Tuesday, April 19, 2016

On this day in 1621: remembering Elizabeth Sawyer, convicted witch.

Three hundred and ninety five years ago today, Elizabeth Sawyer was led out to her hanging at Tyburn, after having been found guilty of the murder by witchcraft of Agnes Ratcleife.

Candidly described in the sole surviving report of her life and death as 'a very ignorant woman', Sawyer had lost her temper during her trial: 

"she was not able to speake a sensible or ready word for her defense, but sends out in the hearing of the Judge, Jury, and all good people that stood by, many most fearefull imprecations for destruction against her selfe then to happen, as heretofore she had wished and indeavoured to happen on divers of her neighbours: the which the righteous Judge of Heaven, whom she thus invocated, to judge then and discerne her cause, did reveale."

There's a sense that what she said in court (in this fashion) was the reason for her conviction. Certainly Henry Goodcole, the Chaplain of Newgate, who hastily wrote up his account of her conviction and the confession he finally got from her  ("though with great labour it was extorted from her"), shaped up and framed her story as a caution for all against blaspheming. He concludes: 

"Deare Christians, lay this to heart, namely the cause, and first time, that the Divell came unto her, then, even then when she was cursing, swearing, and blaspheming ... Stand on your guard and watch with sobrietie to resist him, the Divell your adversary, who waiteth on you continually, to subvert you that so you, that doe detest her abhominable wordes, and wayes, may never taste of the cup nor wages of shame and destruction, of which she did in this life..."
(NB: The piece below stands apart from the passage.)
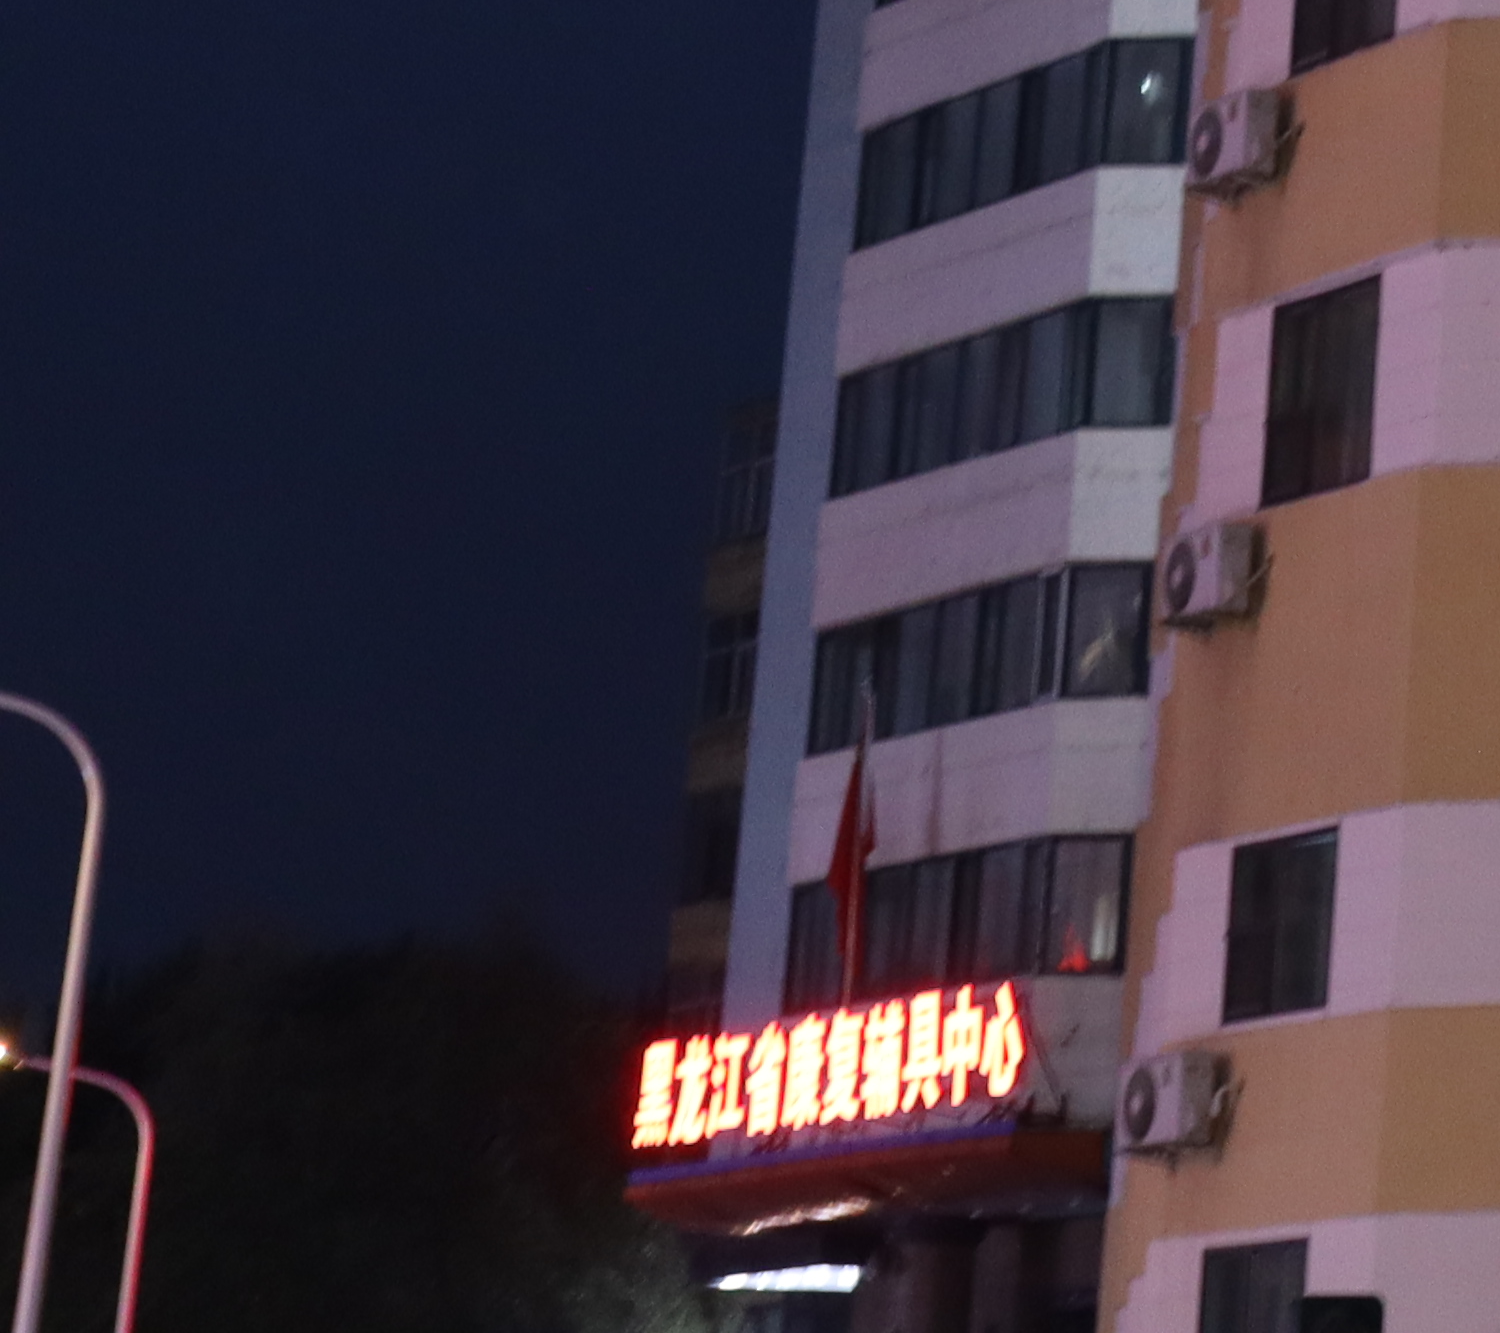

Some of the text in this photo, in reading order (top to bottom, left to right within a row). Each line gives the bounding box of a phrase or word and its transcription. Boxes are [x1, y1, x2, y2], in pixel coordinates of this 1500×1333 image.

[630, 979, 1027, 1150] 黑龙江省康复辅具中心
Her blasphemies seem to have caught everybody's attention. These days, we are fascinated by familiars, but plenty of witches had plenty of familiars in animal form without getting a play written about them. You can see their interest: Goodcole has her say:

"The first time that the Divell came unto me was, when I was cursing, swearing and blaspheming; he then rushed in upon me ... the first words that hee spake unto me were these: 'Oh! have I now found you cursing, swearing, and blaspheming? now you are mine.'"

And he adds a side note, reporting a spectator's extraordinary interest - he can't seem to get over it:

"A Gentleman by name Mr. Maddox standing by, and hearing of her say the word blaspheming, did aske of her, three or foure times, whether the Divell sayd 'Have I found you blaspheming?', and shee confidently sayd', 'Ay'."

Mr Maddox then disappears. He ought properly to appear among the list of names who attest to the truth that what is recorded was her confession. Goodcole promises this a couple of times in his text, but the names never got added. Doubtless Goodcole ran out of time.

Blasphemy as the moment of diabolic access went directly into the play Dekker, Ford and Rowley wrote about her.

But enough: almost 400 years later, that play has featured largely in my professional life as a university teacher. I think I know just about everything one can know, through the strange refractions of the pamphlet and the play. It is like peering into a fog, in which you can just about hear a voice, angry and lost.